Update vom 7. März, 16:30: „Wenn Nikolas Löbel noch einen Rest Anstand und politisches Gefühl hat, muss er sofort zurücktreten“, kritisiert der Mannheimer SPD-Vorsitzende Stefan Fulst-Blei. Ein weiterer Seitenhieb geht auch in Richtung der Mannheimer CDU, die sich, trotz wiederholter Grenzüberschreitungen, dem „System Löbel“ unterworfen habe. Die jetzige Distanzierung sei viel zu spät gewesen.
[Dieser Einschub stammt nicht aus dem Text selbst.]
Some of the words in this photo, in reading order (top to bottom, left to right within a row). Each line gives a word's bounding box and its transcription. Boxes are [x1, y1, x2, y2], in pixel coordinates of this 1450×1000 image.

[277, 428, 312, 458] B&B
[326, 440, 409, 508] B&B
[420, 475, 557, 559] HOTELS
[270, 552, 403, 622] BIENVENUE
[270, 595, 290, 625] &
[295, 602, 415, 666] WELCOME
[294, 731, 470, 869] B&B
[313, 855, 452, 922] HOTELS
Und auch von ganz oben kommt mittlerweile Gegenwind für Nikolas Löbel. Auf Twitter äußert sich die Verteidigungsministerin und ehemalige CDU-Parteivorsitzende Annegret Kramp-Karrenbauer zu der Affäre. „Es gibt überhaupt nichts schön zu reden. Und Ämter „ruhen“ zu lassen, reicht nicht. Löbel und Nüsslein müssen vollständig zurücktreten und ihre Mandate im Bundestag umgehend niederlegen“, schreibt die 58-Jährige.

Nikolas Löbel: CDU-Mannheim fordert schnellen Rücktritt – „Unnötige Hängepartie“

Update vom 7. März, 14:30: Nach ihrer außerordentlichen Sitzung äußert sich nun auch die CDU Mannheim zu der Masken-Affäre um Nikolas Löbel. Laut einer Mitteilung sei der gesamte Kreisvorstand „überrascht, schockiert und fassungslos“ über die Vorgänge. Man verurteile das Verhalten des 34-Jährigen und distanziere sich davon. Zudem begrüße man den Rückzug Löbels – obwohl auch hier eine andere Meinung herrscht.
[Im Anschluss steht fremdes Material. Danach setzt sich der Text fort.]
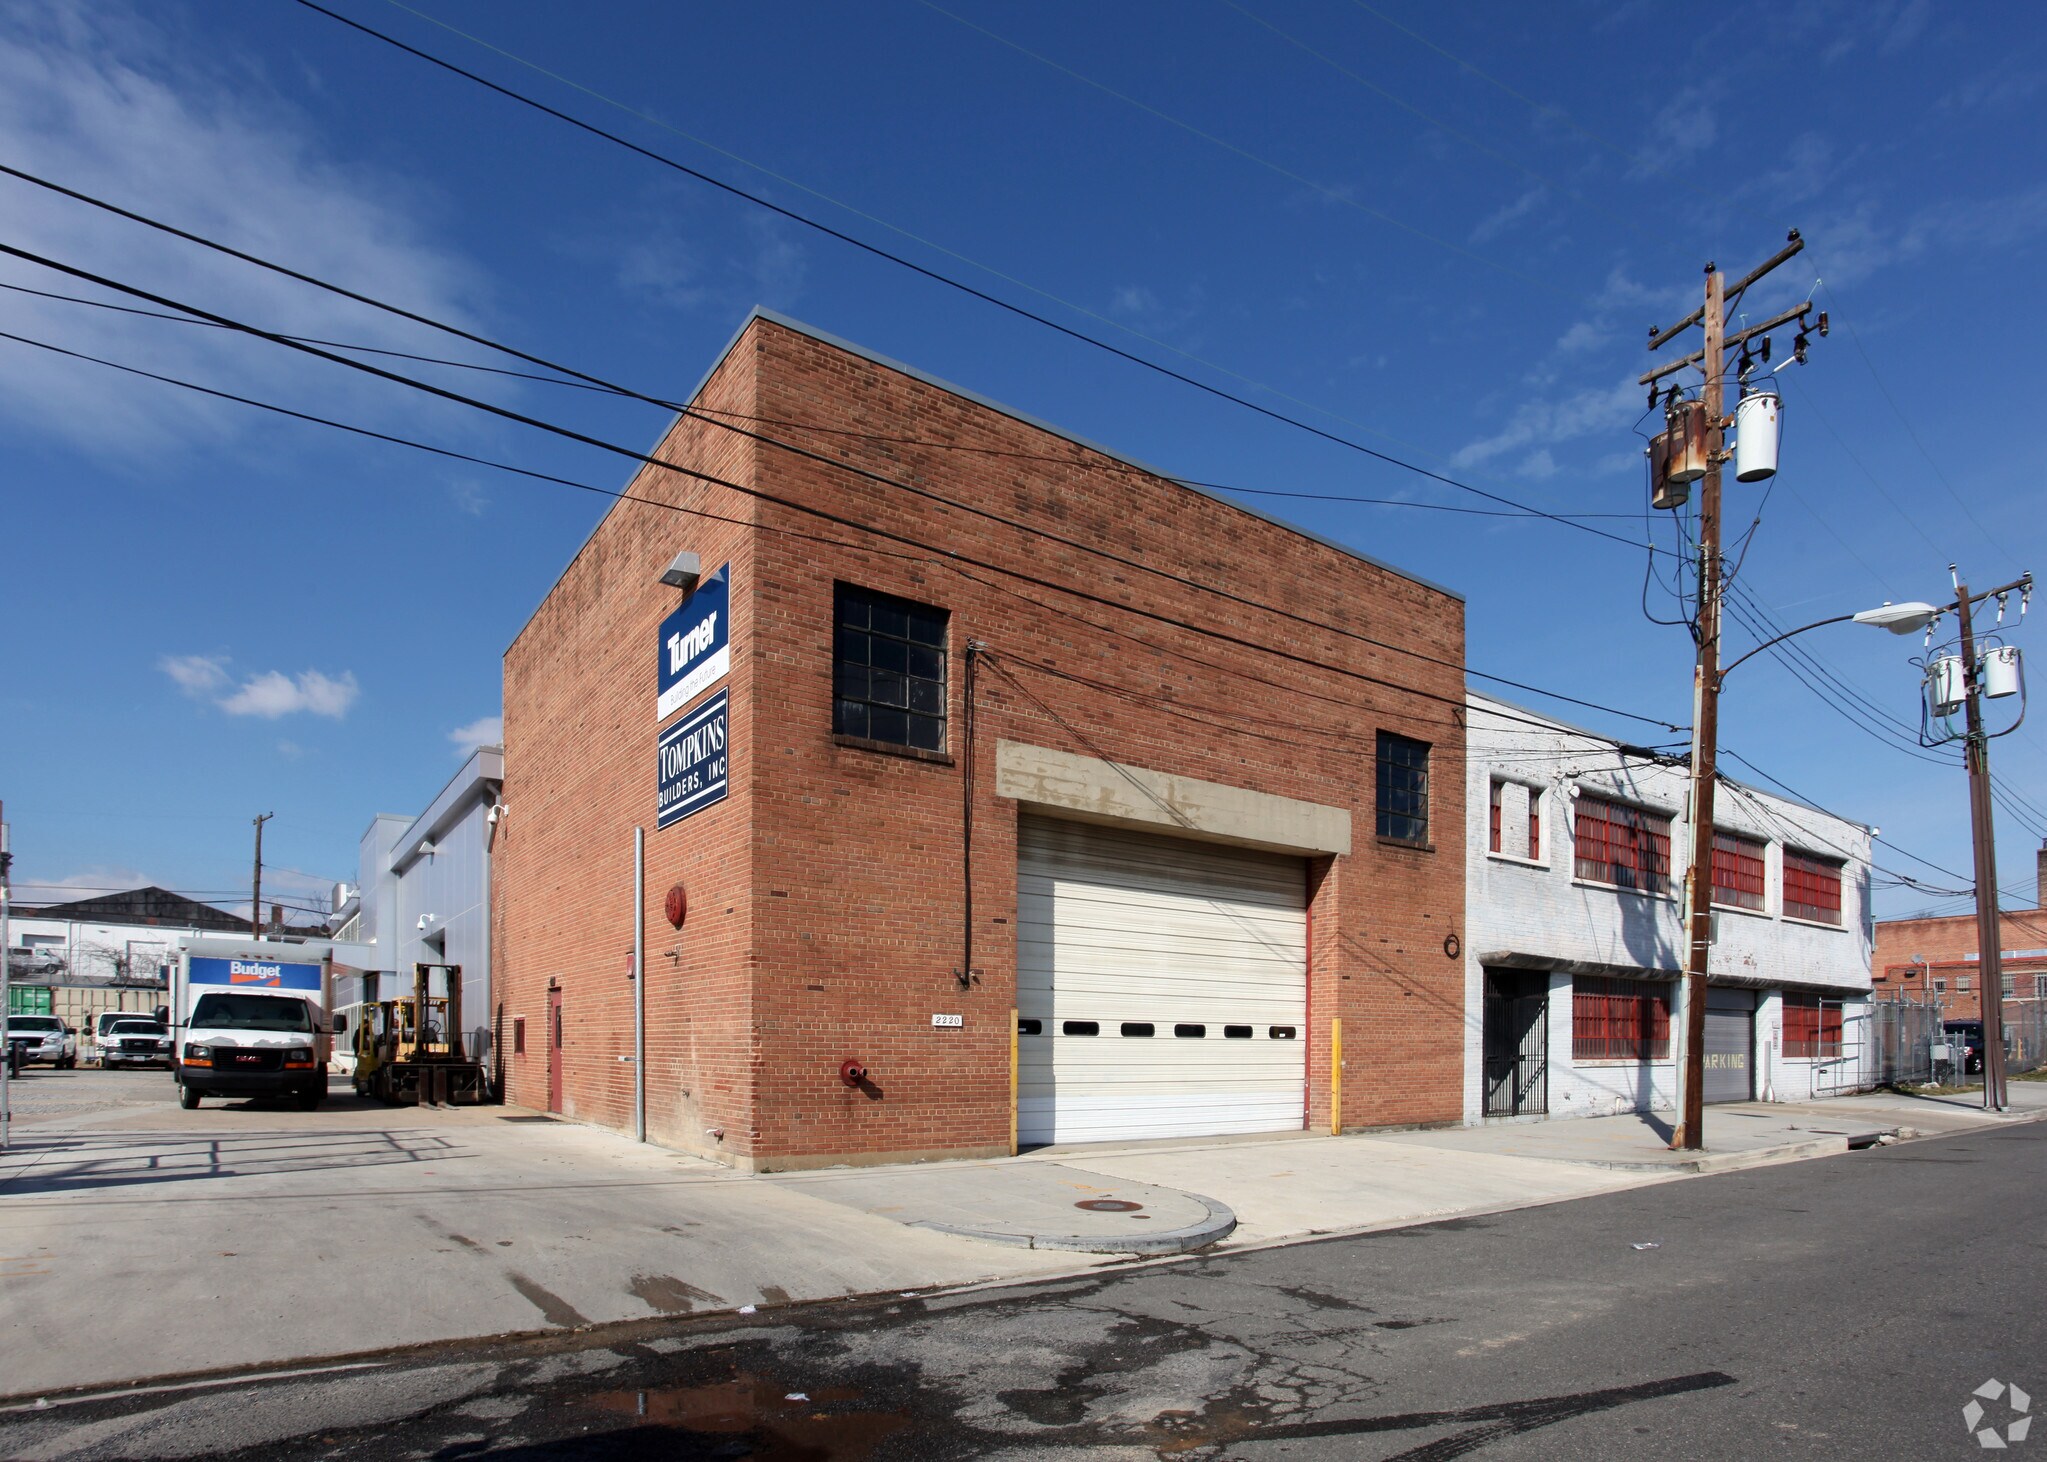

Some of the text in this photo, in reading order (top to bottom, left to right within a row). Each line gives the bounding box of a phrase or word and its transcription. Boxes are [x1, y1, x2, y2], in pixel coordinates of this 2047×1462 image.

[667, 610, 717, 676] Turner
[660, 714, 724, 784] TOMPKINS
[659, 756, 725, 808] BUILDERS, INC
[230, 961, 281, 979] Budget
[936, 1016, 960, 1025] 2220
Wir fordern und appellieren an ihn, diesen Rückzug von allen Ämtern und Mandaten bis spätestens 31. März 2021 zu vollziehen, um allen Beteiligten eine unnötige Hängepartie zu ersparen“, heißt es von der CDU Mannheim. Dieser Vorgang sei „unausweichlich, folgerichtig und konsequent“. Zeitnah sollen zudem alle Schritte eingeleitet werden, die für eine personelle Neuaufstellung des CDU-Kreisverbandes Mannheim erforderlich sind.

Nikolas Löbel: Linksfraktion bezeichnet Mannheimer als „Vorteilsoptimierer“

Update vom 7. März, 13:20: Die Kritik an dem „Rücktritt“ von Nikolas Löbel nimmt nicht ab. Jetzt hat auch Dietmar Bartsch, Vorsitzender der Linksfraktion im Bundestag, den CDU-Politiker scharf attackiert. „Überfällig! CDU-Maskenskandal-Löbel zieht sich aus Politik zurück. Aber erst in 6 Monaten das Bundestagsmandat niederzulegen, hat offensichtlich mit Pensionsansprüchen zu tun. Immer noch ein Vorteilsoptimierer“. Nach Informationen der BILD kassiert Löbel durch sein Bundestagsmandat von April bis Ende August noch 50.417,35 Euro an Diäten. Zusätzlich stehe Löbel noch ein Übergangsgeld für seine drei Jahre im Bundestag zu – in Höhe von 28.625,22 Euro.

Nikolas Löbel: Die Linke sieht Schuld an fehlendem Lobby-Register

Kritik hagelt es auch vom „Die Linke“ Kreisverband aus Mannheim. „Wir begrüßen es uneingeschränkt, dass Nikolas Löbel sein Bundestagsmandat und seinen Sitz im Mannheimer Gemeinderat aufgeben möchte. Wir erwarten, dass er diese Ankündigung umsetzt. Es wäre angemessen, dies sofort zu tun“, heißt es auf MANNHEIM24-Anfrage. Es sei auch nicht das erste Mal, dass Löbel die moralischen Mindeststandarts „weit verfehlt“.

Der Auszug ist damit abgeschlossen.